Masiosare, domingo 21 de marzo de 1999



Magnicidas

Los congéneres de Aburto

Edgardo Bermejo Mora

Cinco años después del asesinato de Luis Donaldo Colosio, la fiscalía especial del caso promete nuevos datos para dilucidar un crimen que está condenado a la oscuridad. Tal es la suerte que comparten la mayoría de los magnicidios en la historia. Paradójicamente, los asesinatos más llamativos e impactantes son al mismo tiempo los más ocultos e insondables. El magnicida ha sido, a fin de cuentas, el convidado de piedra en una saga dramática, en la cual los espectadores le ponen siempre más atención al muerto que a su verdugo

Hay una monotonía del crimen que no es aconsejable frecuentar ni en los libros ni en la vida.

Alvaro Mutis, Summa de Mqroll el Gaviero

Sorprende que los investigadores de la PGR no hayan profundizado en la línea de los estudios comparativos, no al menos en los informes públicos que han presentado, entre Mario Aburto y otros asesinos, siendo ello una veta potencialmente clarificadora.

Hay rasgos en común en la mayoría de los magnicidas, los cuales se deberían tomar en cuenta en el estudio de Mario Aburto.

Jóvenes, locos e indocumentados

De asesinos a mártires, de mártires a piezas del olvido y el desprecio, una pregunta no resuelta hasta ahora resurge ante cada nueva aparición de un magnicida: ¿Qué mueve a un individuo a cometer un homicidio de esta naturaleza? ¿Cuáles son las motivaciones internas que lo impulsa al magnicidio, formen o no parte de una conspiración secreta? ¿Qué otras semejanzas podemos encontrar entre quienes le quitan la vida a una celebridad pública?

(Un grupo aparte lo conforman quienes matan por encargo, cuando se trata de un complot planeado y organizado por un grupo sin nombre ni rostro. Tal es el caso del misterioso asesino a sueldo que mató a Martín Luther King, y de Daniel Aguilar Treviño, el joven ranchero y semianalfabeta, autor material del asesinato de José Francisco Ruiz Massieu. Otro grupo lo conforman los asesinos seriales y los fundamentalistas. Los primeros son personas emocionalmente desequilibradas y fácilmente tipificables de acuerdo con la experiencia; los segundos son jóvenes profundamente marcados por las circunstancias externas y suelen ser considerados mártires y héroes en el seno de su comunidad. En todos los casos, sin embargo, la juventud es un rasgo en común).

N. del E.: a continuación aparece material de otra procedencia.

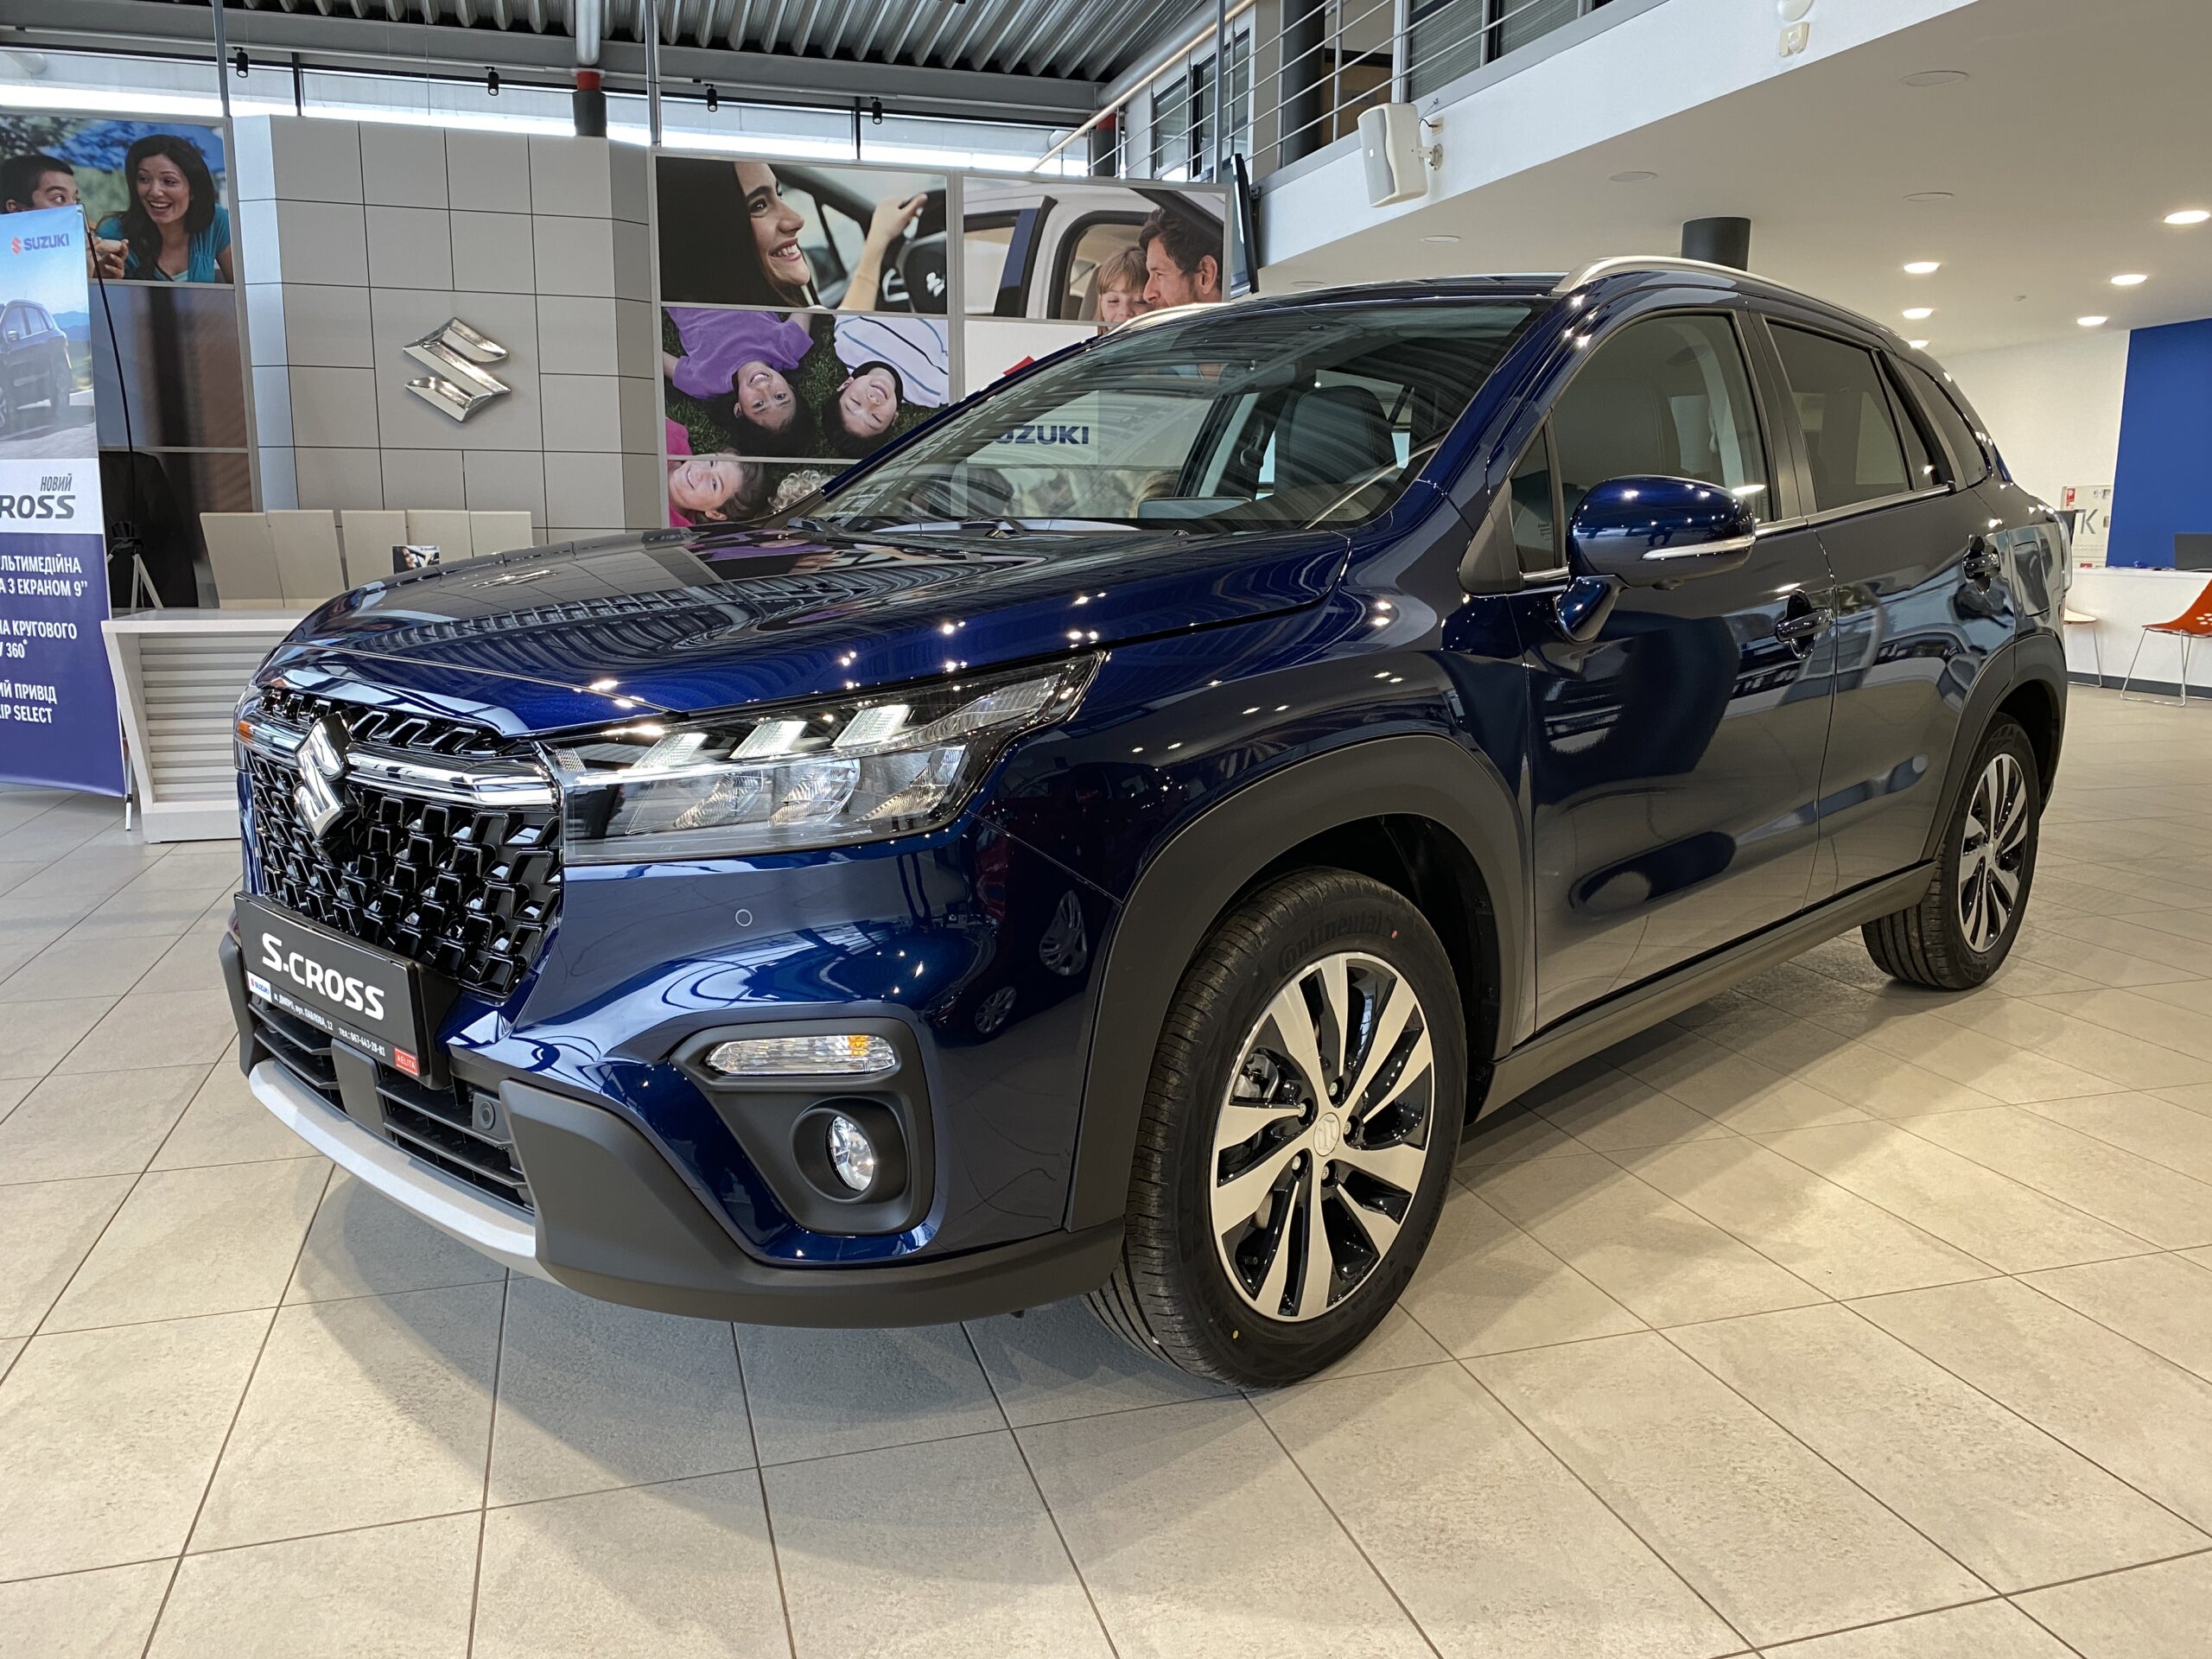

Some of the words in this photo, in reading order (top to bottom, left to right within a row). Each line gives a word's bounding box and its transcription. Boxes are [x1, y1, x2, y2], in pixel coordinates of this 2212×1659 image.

Así, por ejemplo, juventud y fanatismo de diversos signos políticos, religiosos y nacionalistas le son comunes a otros magnicidas, entre ellos el estudiante bosnio que asesinó al archiduque austro-húngaro Francisco Fernando y causante involuntario del estallido de la Primera Guerra Mundial; León Toral, el asesino de Alvaro Obregón; Lee Harvey Oswald, a quien se le acusó -sin pruebas- de la muerte de John F. Kennedy; el fundamentalista Sirhan Bishara Sirhan, que en 1968 mató a Robert Kennedy; David Chapman, el fanático enloquecido que mató a John Lennon; Mario Aburto, el criminal de Lomas Taurinas de 23 años, y Yigal Amir, el fanático de ultraderecha que asesino a Itzak Rabin.

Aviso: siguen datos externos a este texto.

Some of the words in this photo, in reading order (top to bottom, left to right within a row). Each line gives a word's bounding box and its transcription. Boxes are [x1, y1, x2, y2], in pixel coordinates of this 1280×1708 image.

Cierta tendencia por la escritura megalómana y tanatofílica podría serle común a estos personajes. A la manera de la mala poesía de Rigoberto López Pérez (ver recuadros), Mario Aburto escribió en prosa sus propios delirios de libertador y mesías, e incluso buscó un editor para sus esperpénticos textos de loco, redactados sin el menor respeto por la sintaxis y la ortografía, con el título Libro de actas:

Si no la escritura propia, aparece entonces la lectura obsesiva y extenuante de algún libro que de algún modo los conmueve y estimula a la comisión de un crimen. Es el caso de David Chapman, a quien se le encontró La senda del perdedor leída y subrayada, una novela de Charles Bukowsky que aborda el tema del fracaso.

El caso más conocido y probado es la relación que existe entre algunos asesinos seriales y magnicidas en los Estados Unidos y la lectura de la novela clásica de J.D. Salinger, El guardián en el centeno. Como lo sugiere la película El complot, de Richard Donner (1998), es una realidad que la FBI lleva un registro de cada consulta que se hace de dicha novela en las bibliotecas públicas de los Estados Unidos.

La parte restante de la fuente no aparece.